Second, there is the individual isolation and the dearth of existing institutional organizations. These represent the flipsides of the independence and decentralization so prized by Surowiecki. Collective action does not strictly require interpersonal proximity or available organizational infrastructure, but they can certainly help, and few collective efforts succeed without them. Moreover, when we consciously or unconsciously design a crowd to be “wise,” to avoid the pitfalls of groupthink, bandwagoning, and information cascades, we risk throwing the baby out with the bathwater. After all, preserving independence to avoid groupthink also probably means foreclosing on the possibility of a strong consensus informed by shared deliberations, which is the backbone of an enduring collective effort. Similarly, solidarity represents the other side of the bandwagon effect, in the sense that people feel secure and supported in taking a stand when they know that others are doing the same. If we cultivate and regulate crowds to ensure that the decisions of one member have little impact on another, the potential for solidarity and consensus can disappear.
Finally, the typical crowd environment may ease collective action problems in some cases while exacerbating them in others. For example, crowd workers could employ collective action to improve their jobs and protect their interests by organizing themselves to accept no tasks below a certain wage floor, or by establishing mutual aid organizations (essentially unions) to train employees, provide certain benefits, and advocate on behalf of clickworkers to industry and government. Unfortunately, on a work platform such as Mechanical Turk, the volume and fungibility of the labor pool makes a wage floor campaign essentially fruitless and prohibitively risky. There will always be someone else available, equally qualified, and willing to work below the wage floor, because a global labor pool is always available and the requirements to join it remain quite low. These elements are built into the labor model, so crowd workers cannot create and leverage artificial scarcity. A mutual aid organization is slightly more plausible, especially on platforms that already encourage and make space for collaboration. Those could become solidarity spaces, though the efficacy of such organizations might end up roughly proportional to the percentage of the crowd they could legitimately claim to represent.

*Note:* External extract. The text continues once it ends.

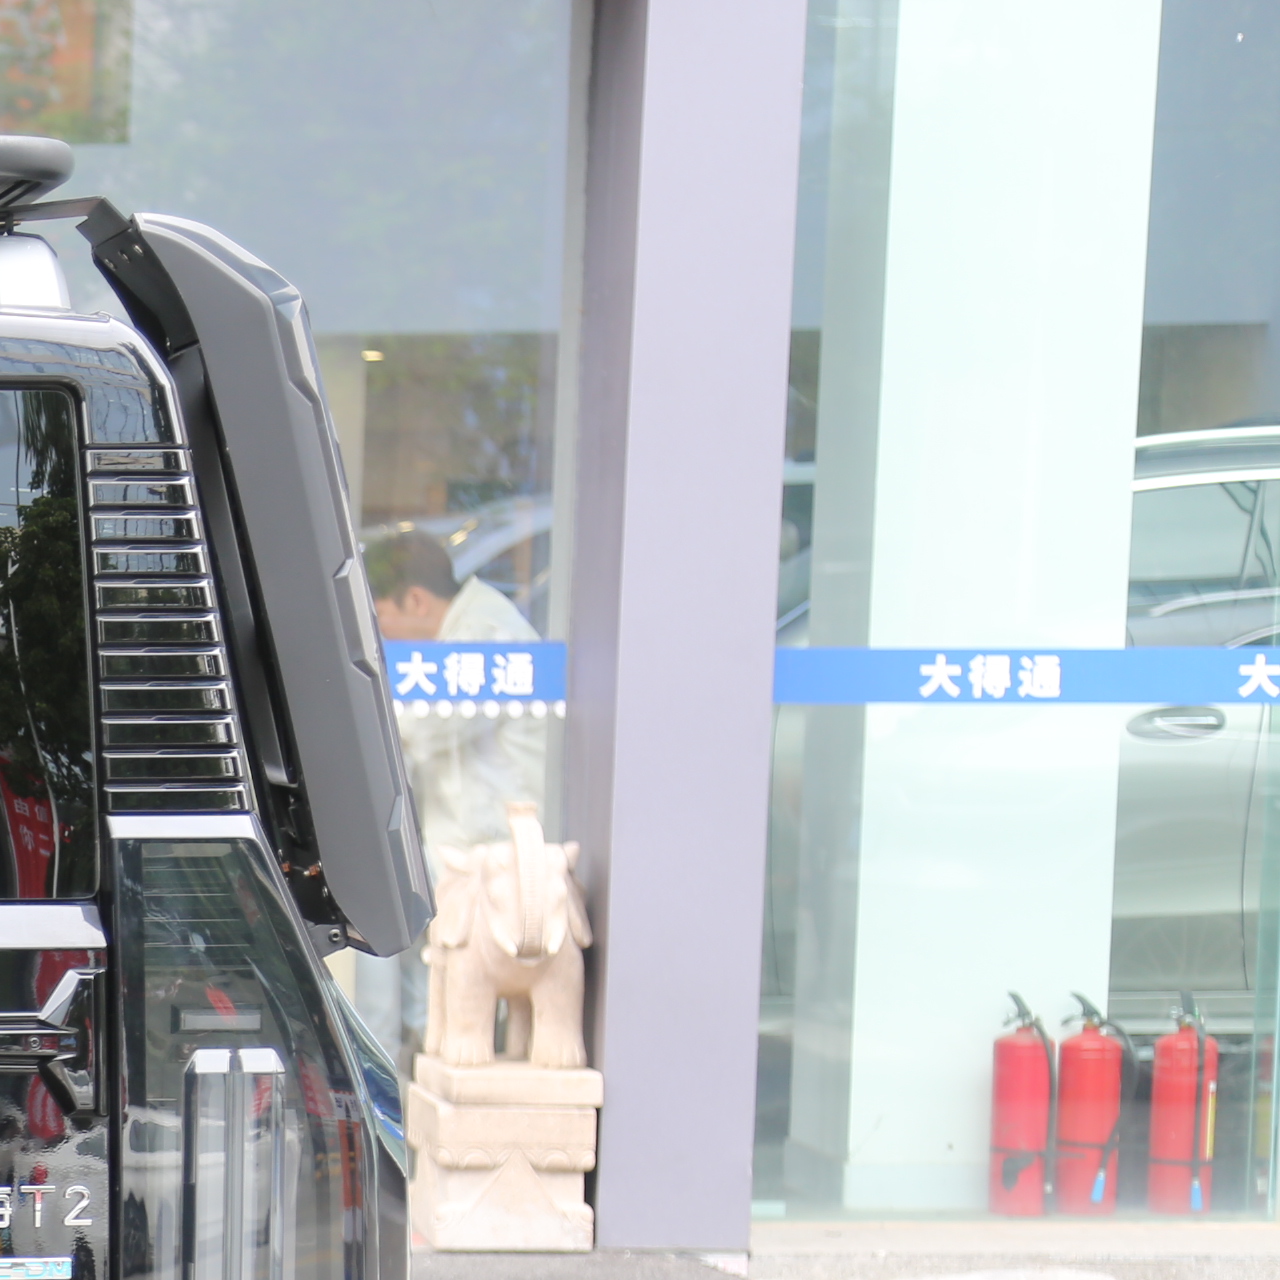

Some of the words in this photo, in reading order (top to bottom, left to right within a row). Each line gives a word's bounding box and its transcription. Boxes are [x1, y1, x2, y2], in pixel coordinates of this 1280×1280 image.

[395, 651, 535, 697] 大得通
[918, 653, 1062, 699] 大得通

I am speaking here in broad and fairly abstract terms. Certain smaller crowds, or influential subgroups within crowds, will doubtless prove quite effective at expressing their collective will and achieving results. And conversely, some of those who establish crowd spaces and cultivate crowds may decide to foster collective action instead of chasing wisdom or productivity. They may decide that the value of an empowered collective outweighs the need to beat the experts and underbid the outsourcing subcontractors. However, I expect such projects will prove few and far between, given the strong financial incentive to do otherwise. The market for crowd production will continue to pursue the platonic ideal of an infallible, hyper-efficient, diverse, independent, decentralized crowd. When this happens we must recognize that the same things that make a crowd strong can also make it weak.